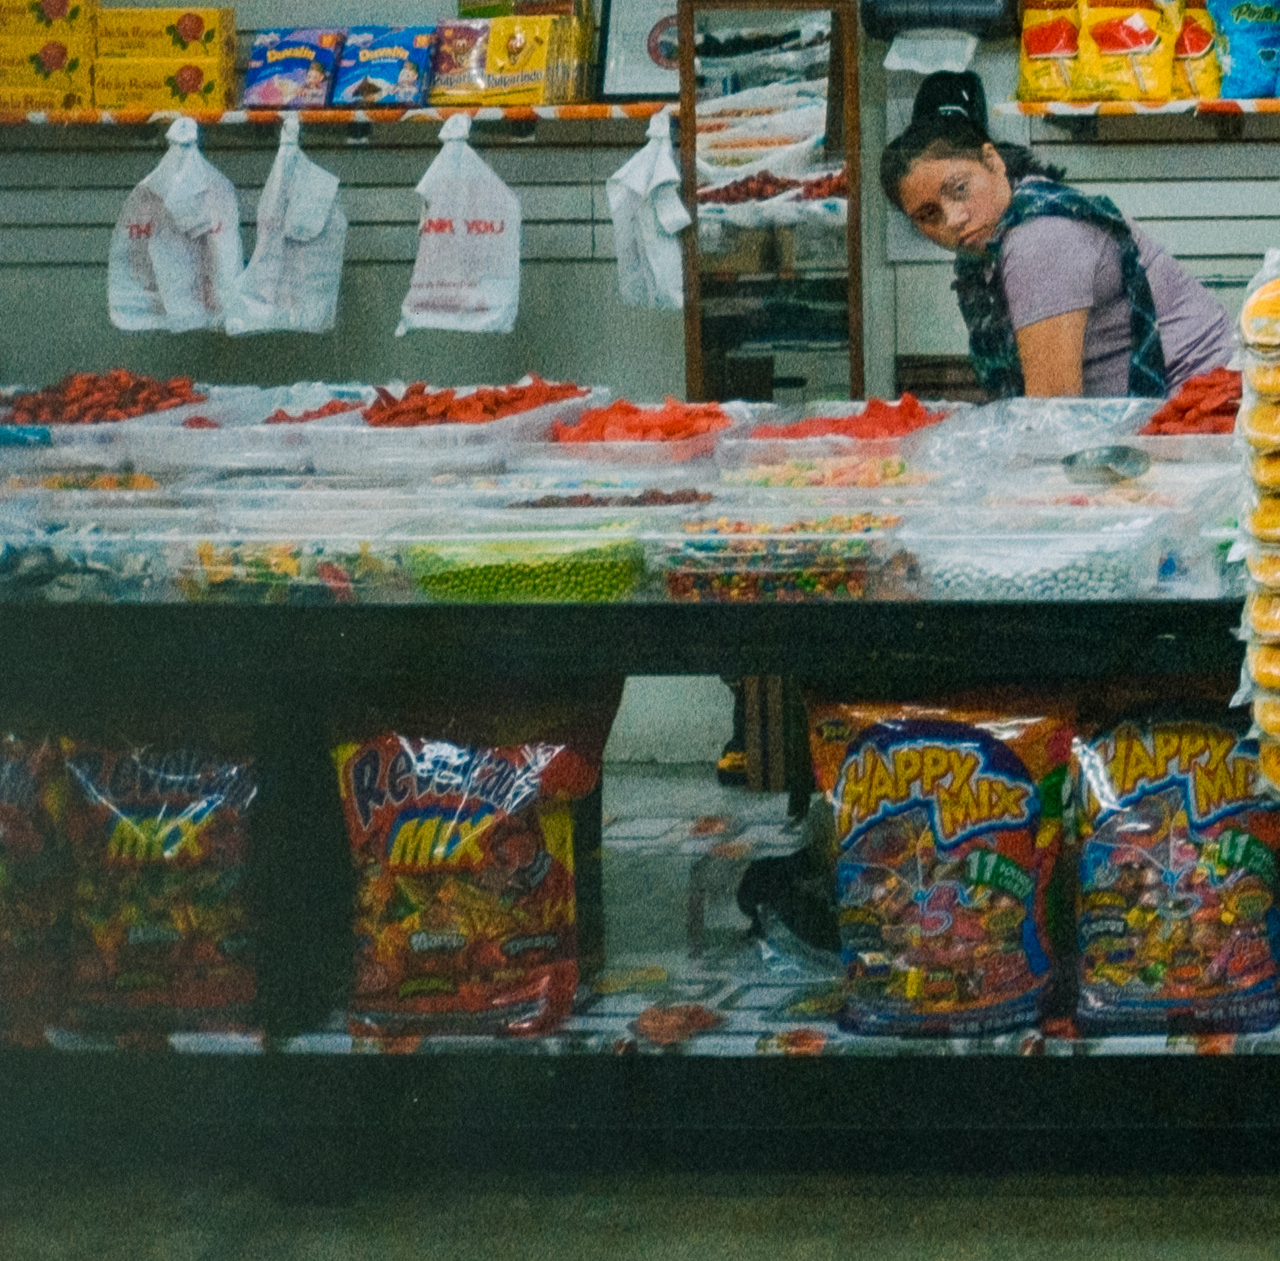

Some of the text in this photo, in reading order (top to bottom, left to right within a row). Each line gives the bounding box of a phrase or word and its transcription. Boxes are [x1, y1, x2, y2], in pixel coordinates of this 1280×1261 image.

[464, 219, 506, 235] YOU
[841, 746, 977, 837] HAPPY
[937, 780, 1028, 837] MIX
[1195, 758, 1257, 817] MI
[388, 814, 498, 866] MIX
[966, 850, 998, 882] 11
[1221, 834, 1249, 863] 11

——————————

- **What is expected**: Take the entries shown above and quote them verbatim, passing over the pictures.

- **Solution to this exercise**:
Some of the text in this photo, in reading order (top to bottom, left to right within a row). Each line gives the bounding box of a phrase or word and its transcription. Boxes are [x1, y1, x2, y2], in pixel coordinates of this 1280×1261 image.

[464, 219, 506, 235] YOU
[841, 746, 977, 837] HAPPY
[937, 780, 1028, 837] MIX
[1195, 758, 1257, 817] MI
[388, 814, 498, 866] MIX
[966, 850, 998, 882] 11
[1221, 834, 1249, 863] 11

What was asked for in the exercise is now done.